Illustration: Shoshana Gordon/Axios
Generative AI startups may be getting all the attention and venture checks right now, but the next fund raise may be a tougher road.
Why it matters: The market downturn has been raining on startupland’s parade for the past year, but AI has emerged as a bright spot of excitement for entrepreneurs and investors.
Catch up quick: Last year, the release of a few software tools, such as Open AI’s ChatGPT and Dall-E, quickly captured headlines and internet users’ attention with their impressive abilities to generate text, images and even video from written prompts.
- Since then, a growing number of companies — big and small — have jumped into the hype, either adding similar capabilities to their products, or setting out to build new tech.

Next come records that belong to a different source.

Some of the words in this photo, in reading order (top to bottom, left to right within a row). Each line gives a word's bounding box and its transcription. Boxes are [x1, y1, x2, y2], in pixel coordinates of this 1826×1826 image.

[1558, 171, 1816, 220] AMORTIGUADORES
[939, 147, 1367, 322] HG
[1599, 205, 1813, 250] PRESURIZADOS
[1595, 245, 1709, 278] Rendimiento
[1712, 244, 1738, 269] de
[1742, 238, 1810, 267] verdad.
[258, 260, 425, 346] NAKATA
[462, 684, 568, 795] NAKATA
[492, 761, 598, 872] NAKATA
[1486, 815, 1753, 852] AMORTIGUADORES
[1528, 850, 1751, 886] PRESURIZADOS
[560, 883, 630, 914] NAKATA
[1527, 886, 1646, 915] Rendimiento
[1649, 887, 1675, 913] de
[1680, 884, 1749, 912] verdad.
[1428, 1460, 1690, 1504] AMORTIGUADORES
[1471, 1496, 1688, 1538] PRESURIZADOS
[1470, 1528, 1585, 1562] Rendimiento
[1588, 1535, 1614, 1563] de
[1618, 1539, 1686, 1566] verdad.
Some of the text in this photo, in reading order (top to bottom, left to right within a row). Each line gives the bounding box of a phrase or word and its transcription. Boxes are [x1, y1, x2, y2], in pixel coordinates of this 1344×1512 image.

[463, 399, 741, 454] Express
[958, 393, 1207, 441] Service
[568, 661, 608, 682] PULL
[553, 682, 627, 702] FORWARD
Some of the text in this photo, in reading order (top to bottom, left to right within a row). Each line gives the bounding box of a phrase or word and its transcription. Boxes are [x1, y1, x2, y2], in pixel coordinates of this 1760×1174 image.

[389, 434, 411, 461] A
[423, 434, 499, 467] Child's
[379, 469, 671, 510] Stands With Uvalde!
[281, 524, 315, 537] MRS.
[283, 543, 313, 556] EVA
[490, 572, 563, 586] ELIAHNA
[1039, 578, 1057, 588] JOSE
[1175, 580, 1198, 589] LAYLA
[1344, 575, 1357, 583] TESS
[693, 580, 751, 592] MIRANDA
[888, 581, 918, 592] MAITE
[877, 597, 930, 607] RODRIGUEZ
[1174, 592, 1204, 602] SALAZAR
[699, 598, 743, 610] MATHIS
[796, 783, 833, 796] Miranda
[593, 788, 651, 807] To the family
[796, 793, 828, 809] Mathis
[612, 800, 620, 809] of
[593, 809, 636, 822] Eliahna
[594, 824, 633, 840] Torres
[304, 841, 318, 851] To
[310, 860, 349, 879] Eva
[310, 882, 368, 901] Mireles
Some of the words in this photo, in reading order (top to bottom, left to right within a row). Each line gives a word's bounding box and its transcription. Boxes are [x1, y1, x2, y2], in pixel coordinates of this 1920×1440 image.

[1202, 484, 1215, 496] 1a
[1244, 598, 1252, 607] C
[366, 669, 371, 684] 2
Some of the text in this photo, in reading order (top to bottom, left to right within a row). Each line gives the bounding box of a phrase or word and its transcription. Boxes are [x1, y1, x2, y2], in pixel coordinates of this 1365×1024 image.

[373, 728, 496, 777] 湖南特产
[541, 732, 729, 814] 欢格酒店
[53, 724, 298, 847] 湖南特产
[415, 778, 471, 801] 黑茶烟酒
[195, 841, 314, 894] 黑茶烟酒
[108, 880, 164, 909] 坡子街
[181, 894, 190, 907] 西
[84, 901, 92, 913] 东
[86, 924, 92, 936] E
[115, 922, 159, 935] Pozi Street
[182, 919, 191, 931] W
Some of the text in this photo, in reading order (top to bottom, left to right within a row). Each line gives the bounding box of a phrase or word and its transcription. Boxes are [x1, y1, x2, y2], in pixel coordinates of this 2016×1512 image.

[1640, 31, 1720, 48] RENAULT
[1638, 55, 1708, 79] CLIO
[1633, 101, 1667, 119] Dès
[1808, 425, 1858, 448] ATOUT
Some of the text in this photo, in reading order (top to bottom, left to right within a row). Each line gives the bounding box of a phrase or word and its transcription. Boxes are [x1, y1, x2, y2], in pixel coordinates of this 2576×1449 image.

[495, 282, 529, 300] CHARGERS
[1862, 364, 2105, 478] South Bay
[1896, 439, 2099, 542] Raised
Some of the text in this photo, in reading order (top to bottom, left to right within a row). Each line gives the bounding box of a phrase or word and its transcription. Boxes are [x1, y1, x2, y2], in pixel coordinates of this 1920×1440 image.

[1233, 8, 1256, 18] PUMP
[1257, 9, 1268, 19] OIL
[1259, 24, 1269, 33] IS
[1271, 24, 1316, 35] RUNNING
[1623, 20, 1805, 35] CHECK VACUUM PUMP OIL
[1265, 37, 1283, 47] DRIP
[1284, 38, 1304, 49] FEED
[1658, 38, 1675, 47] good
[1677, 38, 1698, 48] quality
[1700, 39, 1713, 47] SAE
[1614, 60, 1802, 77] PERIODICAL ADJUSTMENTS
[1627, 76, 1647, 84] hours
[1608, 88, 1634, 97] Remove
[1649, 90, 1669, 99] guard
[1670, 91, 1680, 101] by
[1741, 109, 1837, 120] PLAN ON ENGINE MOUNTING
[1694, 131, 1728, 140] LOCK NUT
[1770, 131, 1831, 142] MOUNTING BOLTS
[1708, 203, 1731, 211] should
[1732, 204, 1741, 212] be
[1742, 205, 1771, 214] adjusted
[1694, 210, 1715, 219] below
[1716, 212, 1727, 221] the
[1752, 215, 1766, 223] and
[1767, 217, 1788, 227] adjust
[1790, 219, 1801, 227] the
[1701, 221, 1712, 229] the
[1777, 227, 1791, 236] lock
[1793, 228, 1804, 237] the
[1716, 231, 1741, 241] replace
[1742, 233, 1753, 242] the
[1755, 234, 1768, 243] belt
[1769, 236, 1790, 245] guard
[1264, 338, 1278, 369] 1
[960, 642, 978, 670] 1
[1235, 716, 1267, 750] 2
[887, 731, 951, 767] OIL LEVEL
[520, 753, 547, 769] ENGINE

By the numbers: In 2021, investors poured $4.8 billion across 262 generative AI deals globally, per new data from Pitchbook.
- In 2022, investors put $4.5 billion into the sector across 269 deals.
- Both years, much of the deals (and dollars) have been in seed and early-stage startups.
The big question: Whether these startups will have enough to show in a year or two, after they’ve burned through millions of dollars and could be back in meetings with venture capitalists.
- According to Amplify Partners general partner Sarah Catanzaro, some of the key questions they'll face include "product-market fit;" meaningful revenue; and loyal customers and users.
- "The [AI] techniques themselves will be commodified," Root Ventures partner Kane Hsieh tells Axios. Thus, his firm is more focused on startups that can successfully apply the technologies to a market or use cases.
Between the lines: Computing power is quickly becoming a top — and ballooning — expense for these companies.
- So it’s no surprise to see some of them turn to big tech companies as investors that can also subsidize these resources.
- This also means that alliances have already formed (think OpenAI-Microsoft, Anthropic-Google, Stability AI-Amazon). It could leave others out of luck if there are clauses preventing investments in competitors.
Yes, but: Some VCs aren’t too worried (yet).
- At the seed stage, the valuations haven't gotten too out of hand, according to NFX general partner James Currier. "A lot of [the AI startups] are raising at $6 million-post, $8 million-post [money valuations]," he tells Axios.
- And this week's news of Character AI's funding hints that some companies may not struggle too much — the 16-month-old startup doesn't have revenue (yet) but is already valued at $1 billion.
The bottom line: It'll certainly be interesting to see what happens in the currently tighter venture investment environment, coupled with expectations that this wave of AI startups will yield true tech advancements.